• **WHAT THE TASK REQUIRES**: Word for word, reproduce every record in the listing below.

• **EXCERPTED RECORDS**:
# # # #

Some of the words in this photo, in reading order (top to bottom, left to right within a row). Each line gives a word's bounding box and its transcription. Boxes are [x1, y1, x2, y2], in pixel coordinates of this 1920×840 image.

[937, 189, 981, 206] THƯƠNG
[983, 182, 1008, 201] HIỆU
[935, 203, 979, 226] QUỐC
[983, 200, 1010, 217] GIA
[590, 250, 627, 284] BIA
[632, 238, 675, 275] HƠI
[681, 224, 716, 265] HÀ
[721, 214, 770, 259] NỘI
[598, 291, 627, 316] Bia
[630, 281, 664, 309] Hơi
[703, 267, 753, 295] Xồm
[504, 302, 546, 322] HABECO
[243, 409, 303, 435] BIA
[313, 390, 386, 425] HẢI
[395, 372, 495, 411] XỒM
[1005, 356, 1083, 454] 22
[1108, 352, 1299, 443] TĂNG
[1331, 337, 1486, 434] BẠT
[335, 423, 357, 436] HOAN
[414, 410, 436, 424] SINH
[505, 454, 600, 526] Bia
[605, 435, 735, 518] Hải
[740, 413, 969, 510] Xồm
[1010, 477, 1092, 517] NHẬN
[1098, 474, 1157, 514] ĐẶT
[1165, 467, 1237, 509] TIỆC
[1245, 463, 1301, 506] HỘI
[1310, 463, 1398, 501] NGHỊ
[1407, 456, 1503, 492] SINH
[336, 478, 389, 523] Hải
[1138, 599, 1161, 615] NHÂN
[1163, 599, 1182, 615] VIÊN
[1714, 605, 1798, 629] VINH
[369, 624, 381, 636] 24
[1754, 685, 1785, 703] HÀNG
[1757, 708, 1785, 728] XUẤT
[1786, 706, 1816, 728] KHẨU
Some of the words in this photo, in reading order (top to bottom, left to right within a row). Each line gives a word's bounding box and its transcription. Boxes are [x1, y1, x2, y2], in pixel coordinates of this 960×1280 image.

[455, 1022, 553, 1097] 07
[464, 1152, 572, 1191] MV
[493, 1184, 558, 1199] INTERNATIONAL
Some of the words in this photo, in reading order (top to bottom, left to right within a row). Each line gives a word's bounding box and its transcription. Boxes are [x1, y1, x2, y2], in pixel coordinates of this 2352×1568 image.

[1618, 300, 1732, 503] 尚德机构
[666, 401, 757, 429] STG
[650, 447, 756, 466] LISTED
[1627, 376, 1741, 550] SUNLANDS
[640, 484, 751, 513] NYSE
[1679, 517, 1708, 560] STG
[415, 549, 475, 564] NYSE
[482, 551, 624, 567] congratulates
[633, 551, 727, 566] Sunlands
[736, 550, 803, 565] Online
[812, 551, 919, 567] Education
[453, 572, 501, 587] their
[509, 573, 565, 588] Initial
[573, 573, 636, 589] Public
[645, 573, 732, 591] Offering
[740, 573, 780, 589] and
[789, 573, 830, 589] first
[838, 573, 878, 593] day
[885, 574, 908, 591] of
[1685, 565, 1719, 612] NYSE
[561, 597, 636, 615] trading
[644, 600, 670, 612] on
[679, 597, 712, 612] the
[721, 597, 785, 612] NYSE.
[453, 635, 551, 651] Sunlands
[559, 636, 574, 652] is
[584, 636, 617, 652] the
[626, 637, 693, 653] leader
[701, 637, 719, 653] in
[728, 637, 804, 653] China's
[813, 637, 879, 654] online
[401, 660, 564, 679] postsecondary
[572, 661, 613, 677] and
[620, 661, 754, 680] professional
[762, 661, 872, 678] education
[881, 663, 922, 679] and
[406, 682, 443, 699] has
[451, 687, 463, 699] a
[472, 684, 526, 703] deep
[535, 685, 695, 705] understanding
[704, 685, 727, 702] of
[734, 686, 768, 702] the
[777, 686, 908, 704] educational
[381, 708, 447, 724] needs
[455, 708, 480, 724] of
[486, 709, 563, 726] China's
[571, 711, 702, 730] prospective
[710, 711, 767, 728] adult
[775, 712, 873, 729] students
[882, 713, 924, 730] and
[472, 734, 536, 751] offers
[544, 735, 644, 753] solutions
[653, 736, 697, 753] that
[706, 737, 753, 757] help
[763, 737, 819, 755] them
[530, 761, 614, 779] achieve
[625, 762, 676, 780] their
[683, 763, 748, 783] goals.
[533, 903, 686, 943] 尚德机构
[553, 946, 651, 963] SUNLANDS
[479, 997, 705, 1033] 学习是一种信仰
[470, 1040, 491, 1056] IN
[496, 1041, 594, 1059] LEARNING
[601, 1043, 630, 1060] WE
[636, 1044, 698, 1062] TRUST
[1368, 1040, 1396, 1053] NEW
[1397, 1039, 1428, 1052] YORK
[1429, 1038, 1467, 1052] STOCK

# # # #

• **WRITTEN SOLUTION**:
Some of the words in this photo, in reading order (top to bottom, left to right within a row). Each line gives a word's bounding box and its transcription. Boxes are [x1, y1, x2, y2], in pixel coordinates of this 1920×840 image.

[937, 189, 981, 206] THƯƠNG
[983, 182, 1008, 201] HIỆU
[935, 203, 979, 226] QUỐC
[983, 200, 1010, 217] GIA
[590, 250, 627, 284] BIA
[632, 238, 675, 275] HƠI
[681, 224, 716, 265] HÀ
[721, 214, 770, 259] NỘI
[598, 291, 627, 316] Bia
[630, 281, 664, 309] Hơi
[703, 267, 753, 295] Xồm
[504, 302, 546, 322] HABECO
[243, 409, 303, 435] BIA
[313, 390, 386, 425] HẢI
[395, 372, 495, 411] XỒM
[1005, 356, 1083, 454] 22
[1108, 352, 1299, 443] TĂNG
[1331, 337, 1486, 434] BẠT
[335, 423, 357, 436] HOAN
[414, 410, 436, 424] SINH
[505, 454, 600, 526] Bia
[605, 435, 735, 518] Hải
[740, 413, 969, 510] Xồm
[1010, 477, 1092, 517] NHẬN
[1098, 474, 1157, 514] ĐẶT
[1165, 467, 1237, 509] TIỆC
[1245, 463, 1301, 506] HỘI
[1310, 463, 1398, 501] NGHỊ
[1407, 456, 1503, 492] SINH
[336, 478, 389, 523] Hải
[1138, 599, 1161, 615] NHÂN
[1163, 599, 1182, 615] VIÊN
[1714, 605, 1798, 629] VINH
[369, 624, 381, 636] 24
[1754, 685, 1785, 703] HÀNG
[1757, 708, 1785, 728] XUẤT
[1786, 706, 1816, 728] KHẨU
Some of the words in this photo, in reading order (top to bottom, left to right within a row). Each line gives a word's bounding box and its transcription. Boxes are [x1, y1, x2, y2], in pixel coordinates of this 960×1280 image.

[455, 1022, 553, 1097] 07
[464, 1152, 572, 1191] MV
[493, 1184, 558, 1199] INTERNATIONAL
Some of the words in this photo, in reading order (top to bottom, left to right within a row). Each line gives a word's bounding box and its transcription. Boxes are [x1, y1, x2, y2], in pixel coordinates of this 2352×1568 image.

[1618, 300, 1732, 503] 尚德机构
[666, 401, 757, 429] STG
[650, 447, 756, 466] LISTED
[1627, 376, 1741, 550] SUNLANDS
[640, 484, 751, 513] NYSE
[1679, 517, 1708, 560] STG
[415, 549, 475, 564] NYSE
[482, 551, 624, 567] congratulates
[633, 551, 727, 566] Sunlands
[736, 550, 803, 565] Online
[812, 551, 919, 567] Education
[453, 572, 501, 587] their
[509, 573, 565, 588] Initial
[573, 573, 636, 589] Public
[645, 573, 732, 591] Offering
[740, 573, 780, 589] and
[789, 573, 830, 589] first
[838, 573, 878, 593] day
[885, 574, 908, 591] of
[1685, 565, 1719, 612] NYSE
[561, 597, 636, 615] trading
[644, 600, 670, 612] on
[679, 597, 712, 612] the
[721, 597, 785, 612] NYSE.
[453, 635, 551, 651] Sunlands
[559, 636, 574, 652] is
[584, 636, 617, 652] the
[626, 637, 693, 653] leader
[701, 637, 719, 653] in
[728, 637, 804, 653] China's
[813, 637, 879, 654] online
[401, 660, 564, 679] postsecondary
[572, 661, 613, 677] and
[620, 661, 754, 680] professional
[762, 661, 872, 678] education
[881, 663, 922, 679] and
[406, 682, 443, 699] has
[451, 687, 463, 699] a
[472, 684, 526, 703] deep
[535, 685, 695, 705] understanding
[704, 685, 727, 702] of
[734, 686, 768, 702] the
[777, 686, 908, 704] educational
[381, 708, 447, 724] needs
[455, 708, 480, 724] of
[486, 709, 563, 726] China's
[571, 711, 702, 730] prospective
[710, 711, 767, 728] adult
[775, 712, 873, 729] students
[882, 713, 924, 730] and
[472, 734, 536, 751] offers
[544, 735, 644, 753] solutions
[653, 736, 697, 753] that
[706, 737, 753, 757] help
[763, 737, 819, 755] them
[530, 761, 614, 779] achieve
[625, 762, 676, 780] their
[683, 763, 748, 783] goals.
[533, 903, 686, 943] 尚德机构
[553, 946, 651, 963] SUNLANDS
[479, 997, 705, 1033] 学习是一种信仰
[470, 1040, 491, 1056] IN
[496, 1041, 594, 1059] LEARNING
[601, 1043, 630, 1060] WE
[636, 1044, 698, 1062] TRUST
[1368, 1040, 1396, 1053] NEW
[1397, 1039, 1428, 1052] YORK
[1429, 1038, 1467, 1052] STOCK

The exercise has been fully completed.